PROVIDED RECORDS ::
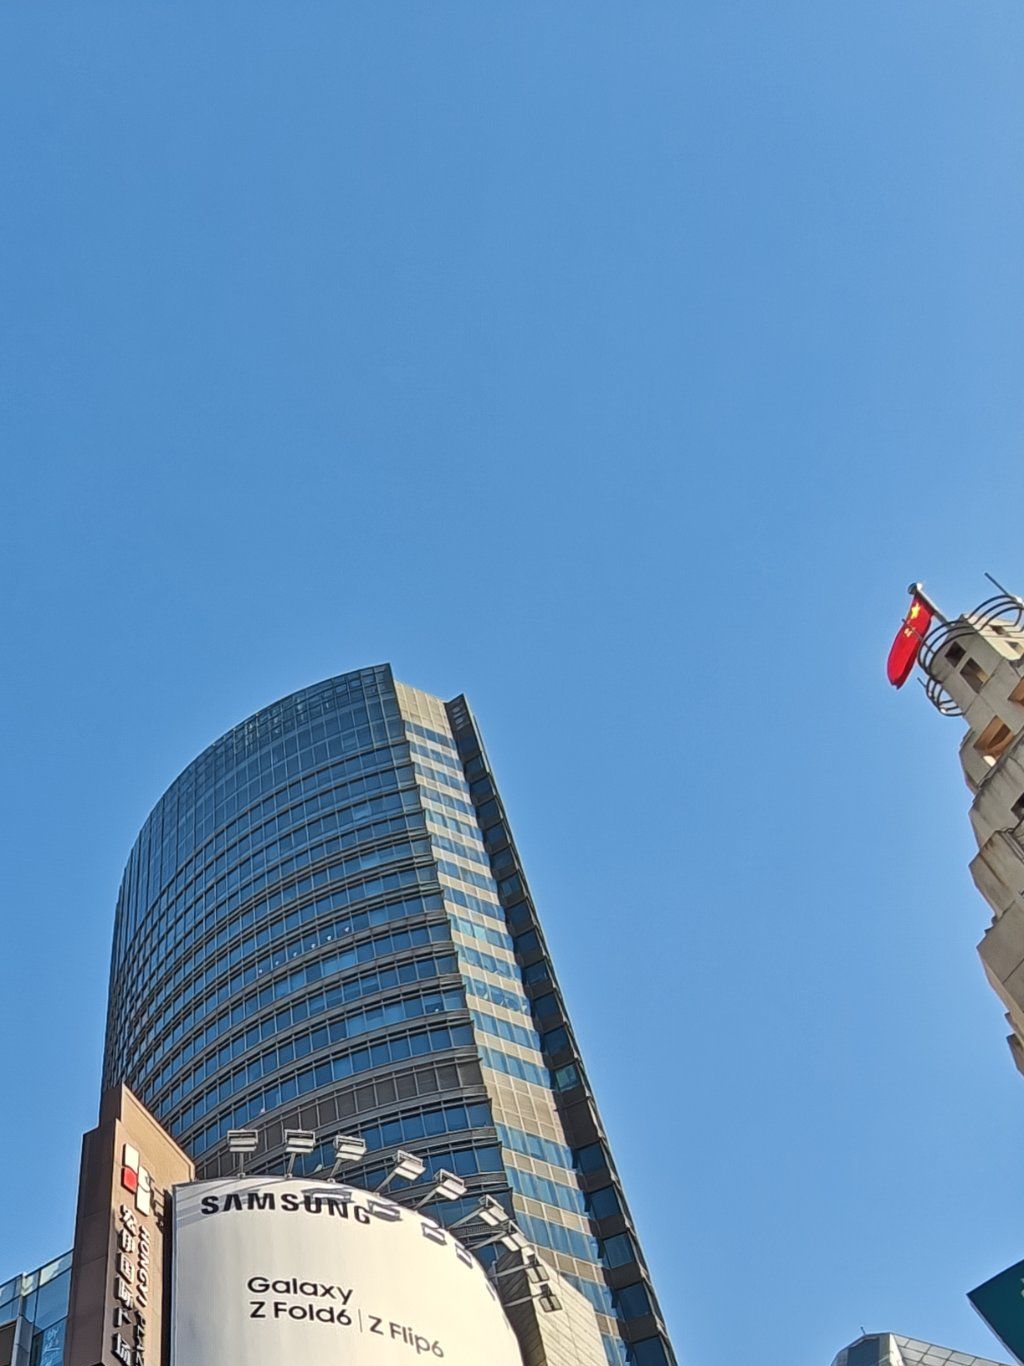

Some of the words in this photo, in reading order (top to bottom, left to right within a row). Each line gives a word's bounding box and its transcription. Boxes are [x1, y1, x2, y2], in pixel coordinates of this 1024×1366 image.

[201, 1192, 371, 1225] SAMSUNG
[136, 1225, 150, 1307] HONGYI
[247, 1276, 353, 1305] Galaxy
[249, 1301, 266, 1319] Z
[274, 1301, 352, 1326] Fold6
[368, 1314, 384, 1336] Z
[389, 1322, 445, 1358] Flip6
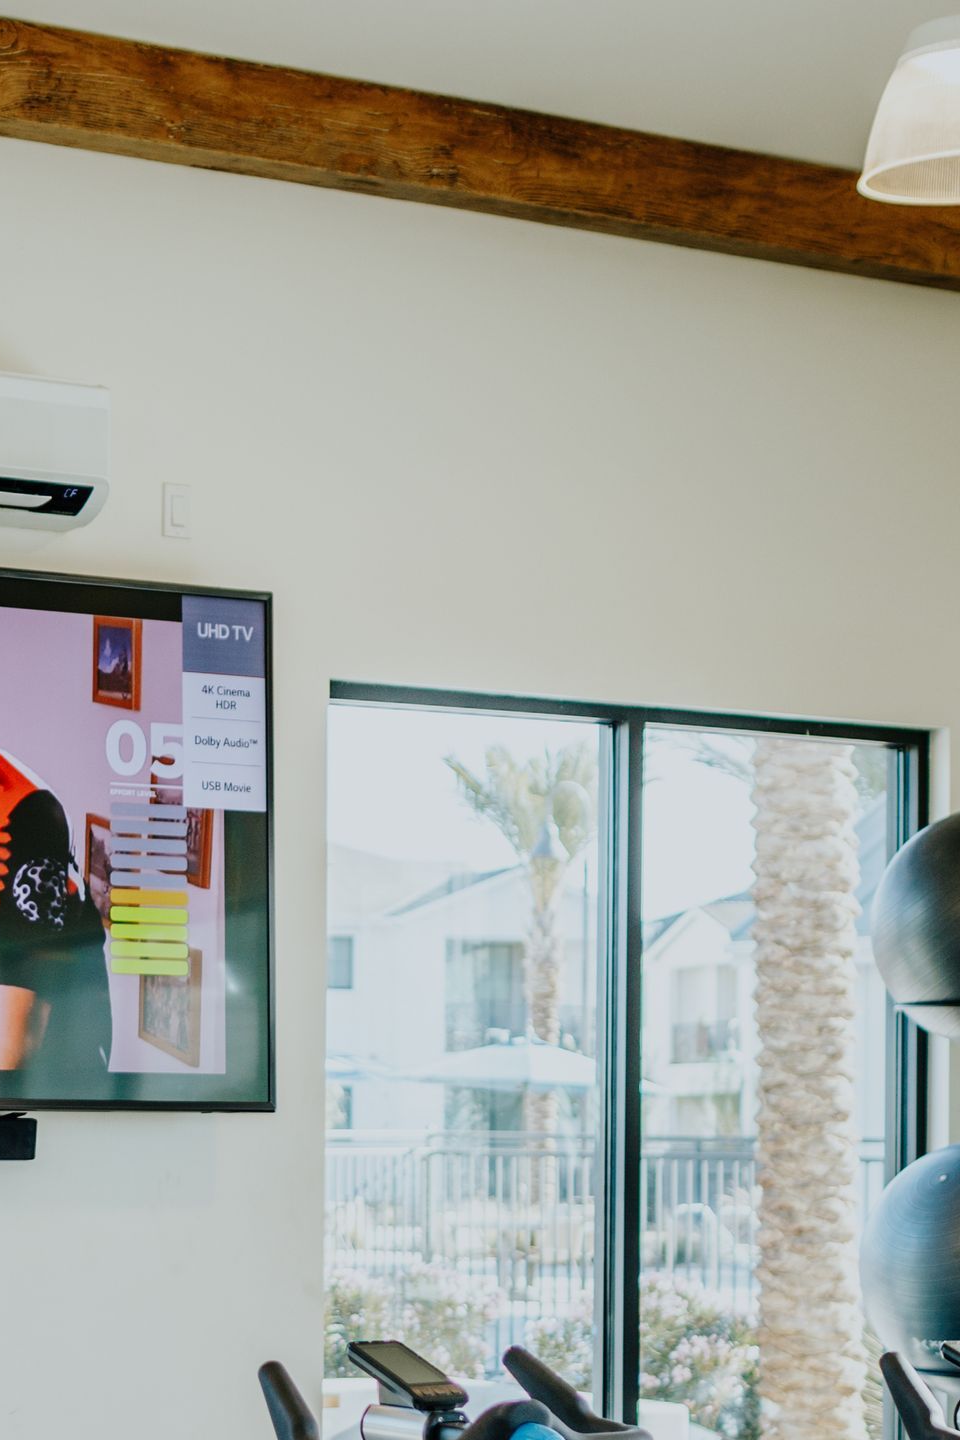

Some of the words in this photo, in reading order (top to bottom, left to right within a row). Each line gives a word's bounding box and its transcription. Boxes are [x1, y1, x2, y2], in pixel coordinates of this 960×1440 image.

[197, 621, 230, 639] UHD
[232, 625, 254, 642] TV
[201, 684, 214, 696] 4K
[216, 685, 251, 698] Cinema
[215, 699, 237, 711] HDR
[105, 719, 184, 779] 05
[194, 735, 221, 749] Dolby
[201, 780, 222, 791] USB
[223, 781, 252, 793] Movie
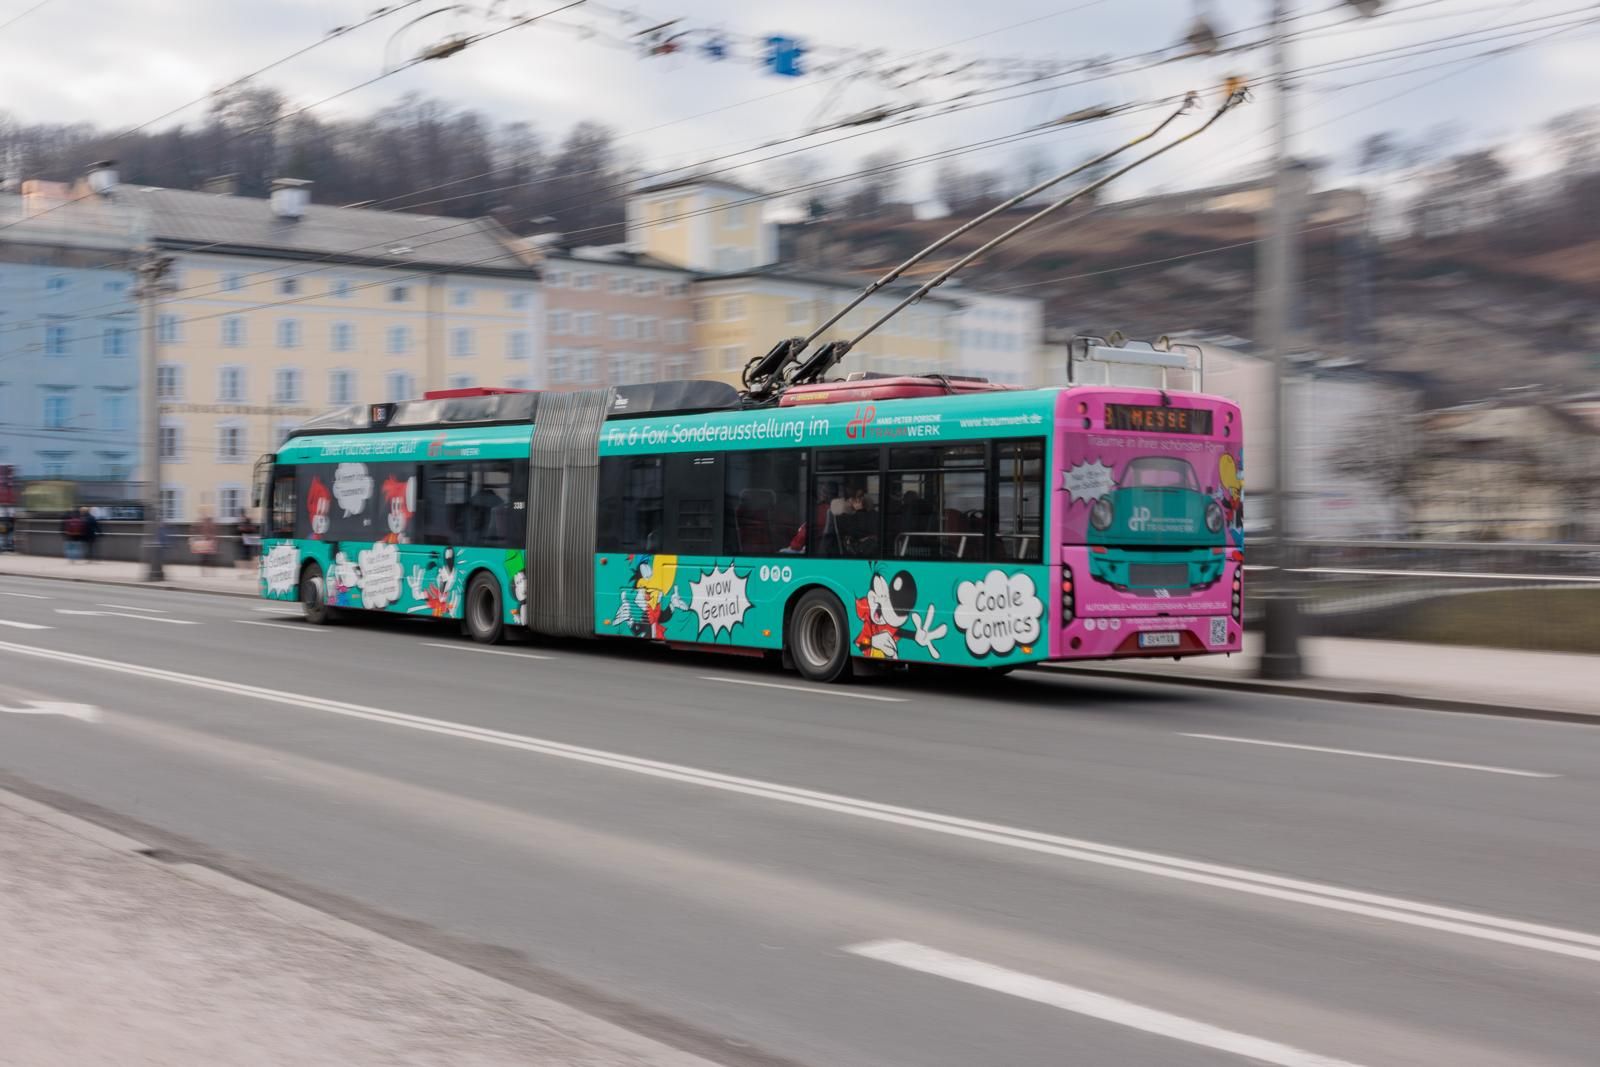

REQUIRED WORK :: Leaving out the pictures, repeat the data above exactly.

TASK OUTPUT ::
Some of the words in this photo, in reading order (top to bottom, left to right within a row). Each line gives a word's bounding box and its transcription. Boxes are [x1, y1, x2, y2], in pixel coordinates of this 1024×1366 image.

[201, 1192, 371, 1225] SAMSUNG
[136, 1225, 150, 1307] HONGYI
[247, 1276, 353, 1305] Galaxy
[249, 1301, 266, 1319] Z
[274, 1301, 352, 1326] Fold6
[368, 1314, 384, 1336] Z
[389, 1322, 445, 1358] Flip6

Some of the words in this photo, in reading order (top to bottom, left to right within a row). Each line gives a word's bounding box and its transcription. Boxes are [x1, y1, x2, y2], in pixel coordinates of this 960×1440 image.

[197, 621, 230, 639] UHD
[232, 625, 254, 642] TV
[201, 684, 214, 696] 4K
[216, 685, 251, 698] Cinema
[215, 699, 237, 711] HDR
[105, 719, 184, 779] 05
[194, 735, 221, 749] Dolby
[201, 780, 222, 791] USB
[223, 781, 252, 793] Movie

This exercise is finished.